Die Krise von H&M

H&M steckt in einer Krise, die für die niedrigsten Gewinne seit 16 Jahren sorgt. Dabei machen vor allem die strategischen Fehler dem Unternehmen zu schaffen.

Schwacher Start ins Jahr 2018

Das schwedische Modeunternehmen H&M legte dieses Jahr einen schwachen Start hin. Basierend auf den am Dienstag veröffentlichten Zahlen, entwickelte sich der Umsatz des Unternehmens nur leicht rückläufig, sodass dieser noch bei 23 Milliarden Schwedischen Kronen oder umgerechnet 2,3 Milliarden Euro lag. Der Vorsteuergewinn brach dahingegen um 60 Prozent ein, sodass dieser noch bei 1,2 Milliarden Kronen notierte. Der Konsens der Analysten sah einen Gewinn von 1,4 Milliarden Dollar vor. Seit nunmehr 16 Jahren musste der schwedische Modekonzern keinen niedrigeren Gewinn verzeichnen.

Laut Karl-Johan Persson, dem Vorstandschef von H&M, war der Start ins Jahr besonders schwierig. In einem Kommentar zu den Quartalszahlen merkte er an, dass 2018 lediglich ein Übergangsjahr für H&M sei. Vor allem das starke Wachstum des Online-Modehandels sorgt für sinkende Margen. So ist es nicht verwunderlich, dass das Unternehmen die Digitalisierung vorantreibt, sodass in diesem Bereich ein Wachstum von 25 Prozent realisiert werden kann. Für das Gesamtjahr erwartet Persson jedoch einen, im Vergleich zum Vorjahr, steigenden Gewinn. Zusätzlich sorgte der lange und kalte Winter dafür, dass die aktuelle Frühlingskollektion, welche sich bereits in den Stores befand, keinen Anklang bei den Kunden fand. Aus diesem Grund musste das Unternehmen hohe Rabatte gewähren und geringere Margen in Kauf nehmen.

Zugeständnis zur falschen Strategie

Im Rahmen des Investorentages im Februar gab Persson zu, dass vieles zum aktuellen Zeitpunkt nicht rund läuft. Insbesondere den Onlinehandel hat das schwedische Unternehmen verschlafen, sodass viele Kunden zu Zalando und Amazon abgewandert sind. Zudem wandern immer mehr junge Kunden zu Modediscountern wie Primark ab. Die zunehmende Verbreitung von Outlets sowie die Zustimmung des Marktes gegenüber Rabattketten wie TKMaxx sorgen für eine zunehmende Konkurrenz von oben.

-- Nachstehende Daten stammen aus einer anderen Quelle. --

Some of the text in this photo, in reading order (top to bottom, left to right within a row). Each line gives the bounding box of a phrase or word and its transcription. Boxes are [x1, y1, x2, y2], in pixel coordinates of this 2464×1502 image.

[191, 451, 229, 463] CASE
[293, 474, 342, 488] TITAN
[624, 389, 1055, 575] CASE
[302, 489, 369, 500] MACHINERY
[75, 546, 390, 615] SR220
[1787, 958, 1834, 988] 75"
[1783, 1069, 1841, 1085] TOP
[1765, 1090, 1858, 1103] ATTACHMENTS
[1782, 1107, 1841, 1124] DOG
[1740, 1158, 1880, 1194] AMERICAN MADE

Das Zusammenspiel dieser Herausforderungen ist wohl auch der Grund, warum die Aktie des schwedischen Modeherstellers bereits im letzten Jahr ein Drittel des Börsenwertes verlor. Wurde die H&M-Aktie zu Beginn des Jahres 2017 noch zu 255,10 Kronen gehandelt, so notiert das Wertpapier mittlerweile bei 124,60 Kronen. Des Weiteren sehen lediglich zwei von 32 befragten Analysten weiteres Kurspotenzial bei H&M. Insbesondere das Missmanagement der letzten Jahre sorgte immer wieder für negative Schlagzeilen. Das jüngste Beispiel: Rassismusvorwürfe aufgrund der „Coolest monkey in the jungle“-Kampagne. Die globale Empörung sorgte für Negativschlagzeilen sowie ein sinkendes Markenimage. Zudem verfolgte H&M früher eine klare Niedrigpreispolitik. Mittlerweile gilt das Unternehmen weder als besonders günstig, noch besonders geschickt im Marketing.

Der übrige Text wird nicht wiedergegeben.